L'Assemblée nationale a adopté mercredi soir une proposition de loi LREM pour permettre la résiliation des complémentaires santé « sans frais et à tout moment », après un an de contrat, malgré l'opposition de certains députés « marcheurs » et de la gauche, et de fortes réserves LR.

Le texte, qui était examiné en première lecture et va maintenant passer au Sénat, fait suite à une demande du chef de l'État lors d'une réunion en décembre avec les complémentaires pour leur réclamer des gestes en faveur du pouvoir d'achat des Français, en pleine crise des « gilets jaunes ».

Actuellement, les contrats ou garanties souscrites ne sont résiliables qu'autour de leur date anniversaire. Les nouvelles règles entreront en vigueur au plus tard au 1er décembre 2020 - les députés MoDem et UDI-Agir ont cherché en vain à avancer la date pour éviter « des hausses de tarifs en 2019 ».

Un réel impact sur le pouvoir d'achat

La ministre de la Santé Agnès Buzyn a soutenu cette proposition de loi « concrète » qui « aura un réel impact » sur le pouvoir d'achat et « répond aux attentes de nos concitoyens », selon des sondages.

« Les craintes de déstabilisation du marché sont sans fondement », a affirmé le rapporteur Dominique Da Silva (LREM).
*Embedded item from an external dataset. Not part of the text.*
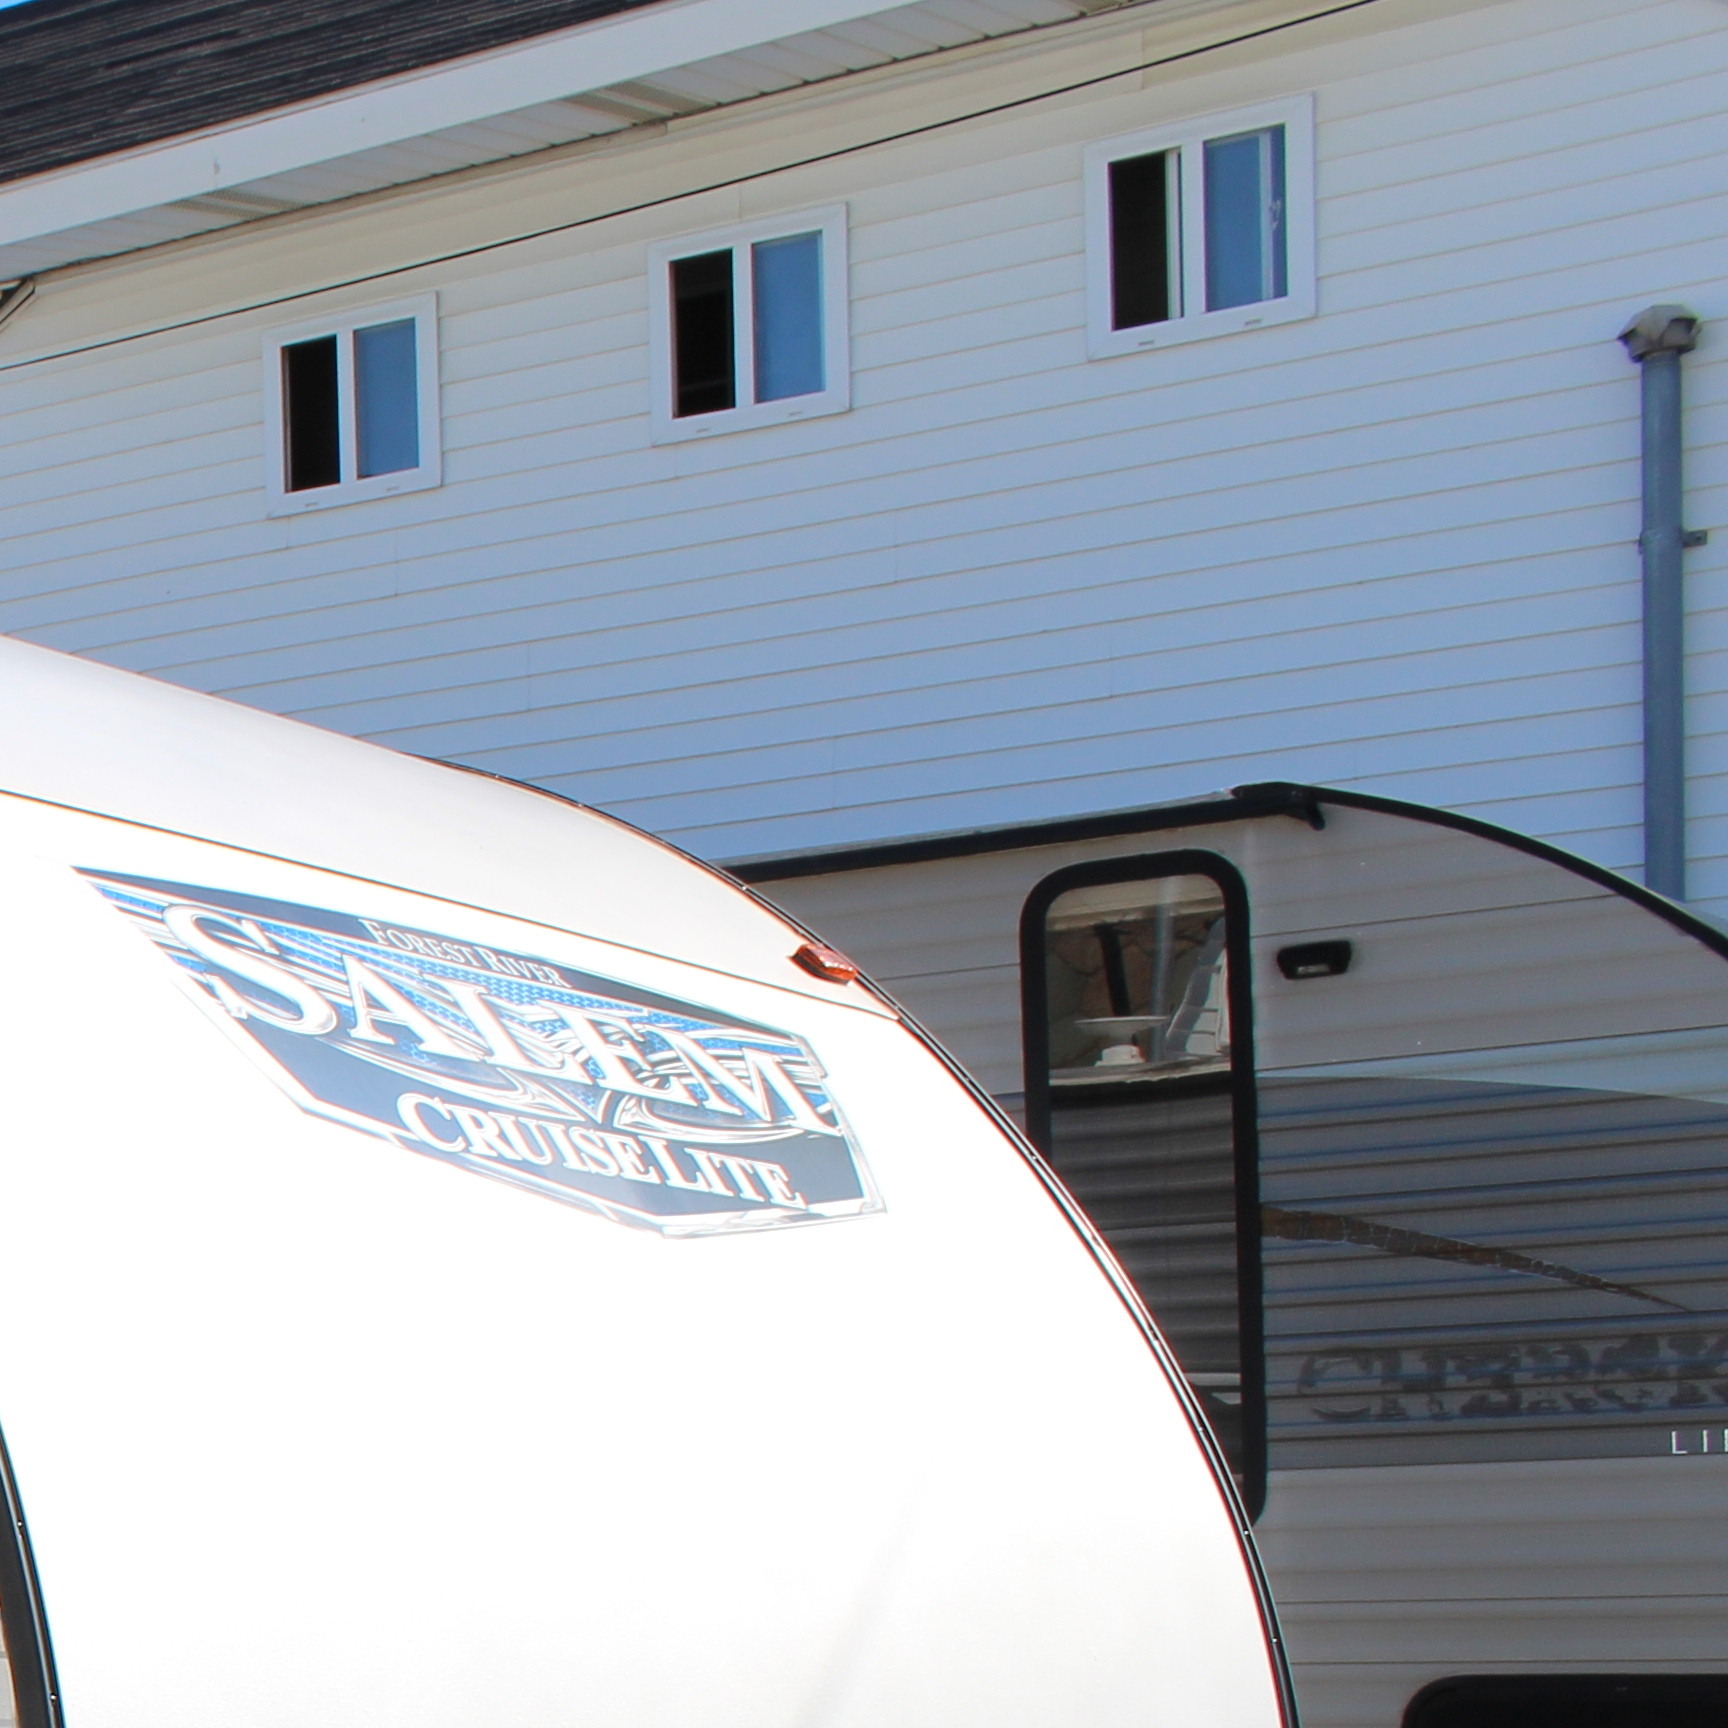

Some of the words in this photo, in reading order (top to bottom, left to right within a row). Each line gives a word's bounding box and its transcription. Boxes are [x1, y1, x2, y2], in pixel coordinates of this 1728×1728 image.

Les fédérations des complémentaires sont vivement opposées à cette réforme, comme les syndicats impliqués dans la gestion paritaire des organismes.

Une « fausse bonne idée » ?

Des députés de gauche se sont aussi élevés contre une « fausse bonne idée » qui va « mettre un nouveau coup de masse dans l'édifice » des mutuelles (PCF), et relève du « fétichisme du marché » (PS). Le groupe Libertés et territoires, également contre, craint des « effets pervers » sur les tarifs des complémentaires.

Les députés LR, qui se sont majoritairement abstenus, se sont dits aussi « dubitatifs sur le gain de pouvoir d'achat ».

Les UDI-Agir se sont prononcés pour, tout en regrettant l'absence d'étude d'impact. De façon inhabituelle, des voix se sont élevées dans la majorité pour déplorer une proposition de loi traitant « indifféremment » mutuelles, instituts de prévoyance et sociétés d'assurance, ou ne comprenant aucune disposition sur « l'accès aux soins ».

Récusant être un « frondeur », Guillaume Chiche (LREM) a défendu en vain une série d'amendements de suppression, cosignés par une dizaine de « marcheurs ». Ils mettaient en avant une série de risques : recherche de complémentaires moins onéreuses mais couvrant moins bien, augmentation des frais de gestion et de publicité, et encore moindre mutualisation des risques.

Ces députés LREM avaient retiré leur signature de cette proposition de loi portée par leur groupe, mais « pas clairement d'origine parlementaire », avait reconnu il y a peu son président Gilles Le Gendre. Le gouvernement avait voulu un temps faire passer la mesure par un amendement au projet de loi Pacte sur les entreprises.

La proposition de loi est « d'inspiration gouvernementale ou elyséenne », a lancé le communiste Pierre Dharréville, évoquant une « opération punitive » envers les complémentaires.

En décembre, Agnès Buzyn avait accusé certaines de « saboter » la réforme du reste à charge zéro (pour certaines lunettes, prothèses dentaires et auditives) et rappelé « leur engagement » de ne pas l'utiliser pour justifier des hausses de prix.